Durch schlecht isolierte Wände oder Dächer geht viel der mit der Heizung erzeugten Wärme wieder verloren. Diese Wärme wird meistens mit fossilen Brennstoffen wie Gas oder Öl, und oftmals auch mit ineffizienten Heizungen erzeugt, womit der Klimawandel weiter befördert wird. Gerade beim Strom und der Wärme gibt es große Klimaschutz- und damit Einsparpotentiale. Die Heizkosten machen den größten Anteil der Mietnebenkosten aus. Hier ist es daher besonders empfehlenswert, den Verbrauch zu reduzieren.

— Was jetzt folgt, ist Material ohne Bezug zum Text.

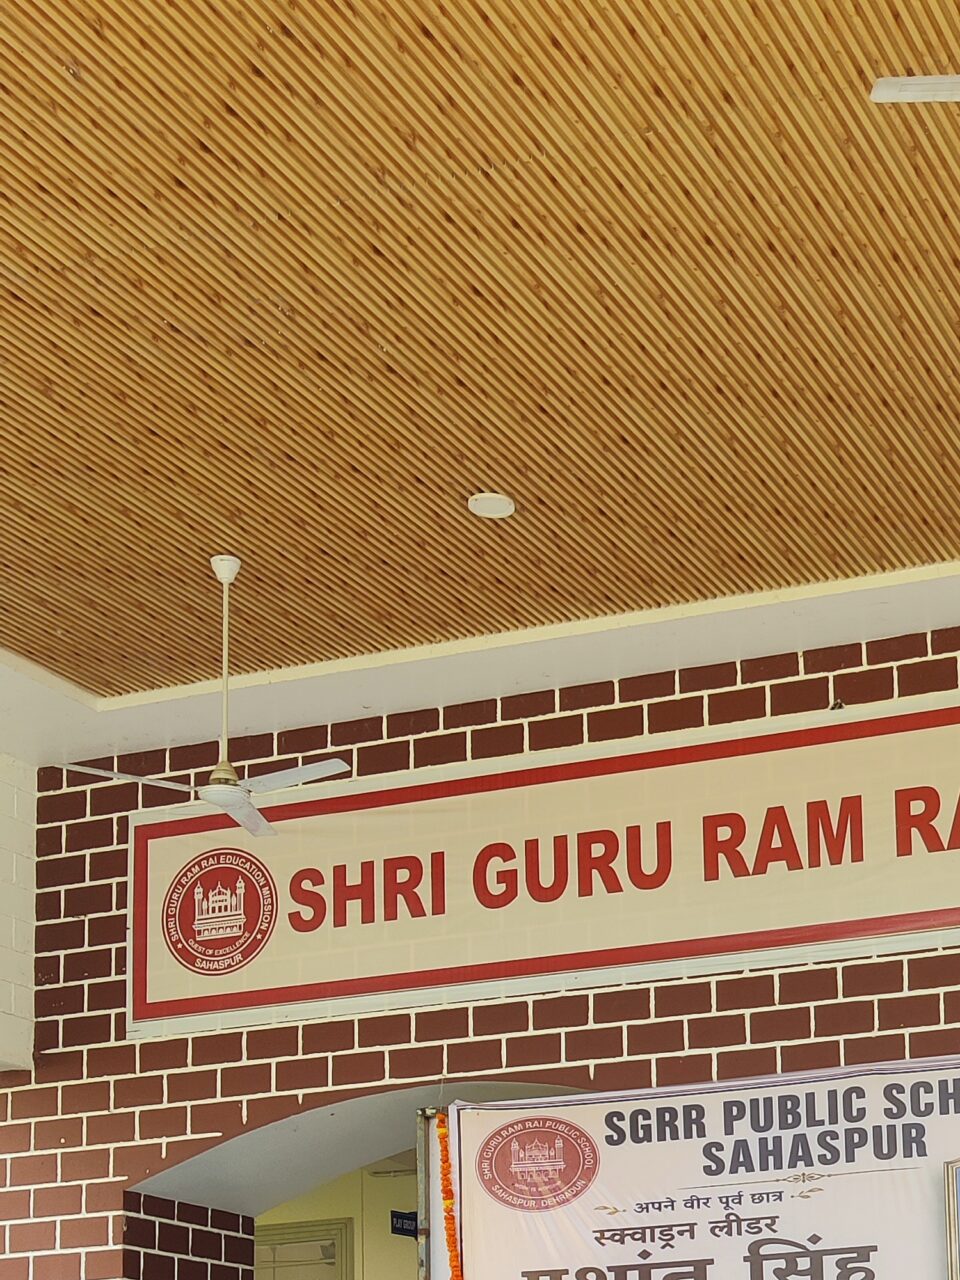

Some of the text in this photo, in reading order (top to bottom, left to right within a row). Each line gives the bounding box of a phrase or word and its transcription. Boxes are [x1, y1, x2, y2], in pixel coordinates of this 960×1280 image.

[287, 851, 446, 933] SHRI
[473, 820, 673, 910] GURU
[702, 795, 864, 882] RAM
[168, 855, 272, 942] SHRI GURU RAM RAI EDUCATION MISSION
[195, 953, 244, 970] SAHASPUR
[604, 1104, 707, 1147] SGRR
[722, 1086, 867, 1136] PUBLIC
[482, 1120, 594, 1180] SHRI GURU RAM RAI PUBLIC SCHOOL
[702, 1123, 928, 1177] SAHASPUR
[541, 1179, 586, 1207] DEHRADUN
[634, 1190, 784, 1214] अपने वीर पूर्व छात्र
[593, 1212, 780, 1249] स्क्वाड्रन लीडर
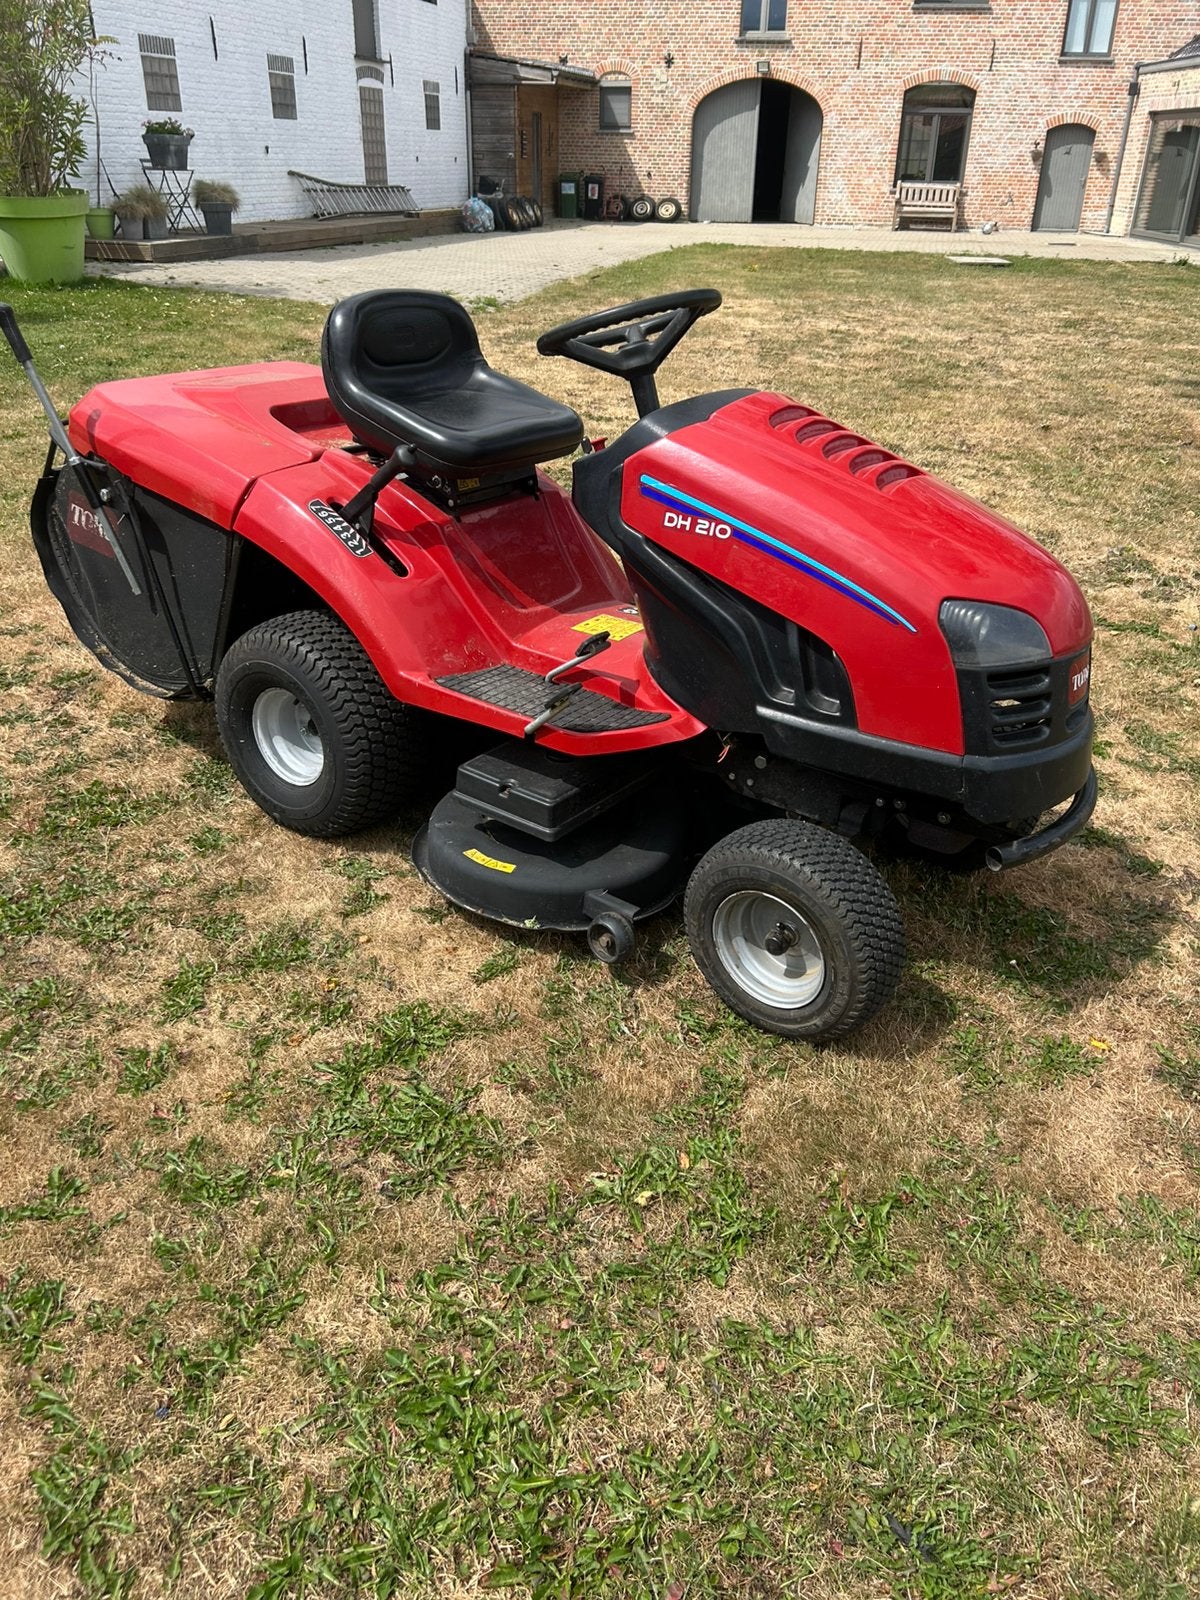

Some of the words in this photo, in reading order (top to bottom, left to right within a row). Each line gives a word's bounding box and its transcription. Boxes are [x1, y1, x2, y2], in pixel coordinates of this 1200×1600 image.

[71, 503, 111, 542] TO
[663, 512, 692, 531] DH
[695, 518, 731, 539] 210
[1072, 664, 1089, 691] TOR

Für Eigenheim-BesitzerInnen Hier zahlt sich eine energetische Gebäudesanierung aus. Als Dämmstoffe sind dabei schadstoffarme, nachwachsende Naturmaterialien wie Holzfaser, Kokos, Hanf, Zellulose oder Wolle zu empfehlen. Auch durch das Erneuern der Heizung können Sie Energie sparen und damit Ihre laufenden Kosten senken. Hierbei sind (auf dem Land) umweltfreundliche Systeme, die mit dem Heizstoff Holzpellets arbeiten, empfehlenswert. Ähnlich umweltfreundlich sind Sonnenkollektoren, die Wasser zum Heizen und Waschen erwärmen können. Wenn Sie nicht gleich die gesamte Heizungsanlage modernisieren wollen, können Sie zumindest die Heizung optimal (durch einen Fachmann) einstellen (lassen). Achten Sie dabei vor allem auf (ältere) Heizungspumpen – Stromfresser!

Für MieterInnen
Jedes Grad Raumtemperatur sind etwa 6 % in den Heizkosten.

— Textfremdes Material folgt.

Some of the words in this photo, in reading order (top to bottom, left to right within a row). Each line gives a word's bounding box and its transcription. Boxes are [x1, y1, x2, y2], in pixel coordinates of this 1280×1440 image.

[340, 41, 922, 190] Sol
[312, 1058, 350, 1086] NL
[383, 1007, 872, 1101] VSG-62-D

Einige Tipps zum Energiesparen:
• die Raumtemperatur reduzieren
• Stoßlüften statt Dauerkippstellung

• Keine Möbel/Gardinen etc. vor Heizkörpern aufstellen/aufhängen
• Heizkörper vor Beginn der Heizperiode entlüften

• In der dünnwandigen Heizungsnische z.B. aluminium-kaschierte Platten anbringen
• In der Nacht Gardinen und Rollläden schließen, um Wärme zu speichern

• Fensterdichtungen erneuern/Fenster durch einen Fachmann warten lassen

Strom

Laut Statistischem Bundesamt sind mehr als 20 % des durchschnittlichen jährlichen Energieverbrauches der Privathaushalte auf den Stromverbrauch zurückzuführen. Das ist nicht nur ein großer Kostenfaktor, sondern auch eine Belastung für die Umwelt und das Klima. Hier haben Sie bedeutende Einsparpotentiale:

Standby

Viele der modernen Elektrogeräte besitzen eine Stand-By-Funktion. Oftmals verraten rot leuchtende Lämpchen, dass die Geräte nicht ganz ausgeschaltet sind. Sie verbrauchen Strom, während sie allzeit in Bereitschaft sind. Laut Umweltbundesamt betragen die sogenannten Leerlaufverluste in Deutschland jährlich 22 Milliarden (!) KWh. Steckerleisten mit Kippschalter sind eine einfache Möglichkeit, auf Standby zu verzichten. Übrigens: Falls Sie nicht immer hinter Ihre Fernseher oder Hi-Fi-Geräte kriechen möchten, um den Schalter zu betätigen: Moderne Steckerleisten gibt es auch mit praktischem Fußschalter.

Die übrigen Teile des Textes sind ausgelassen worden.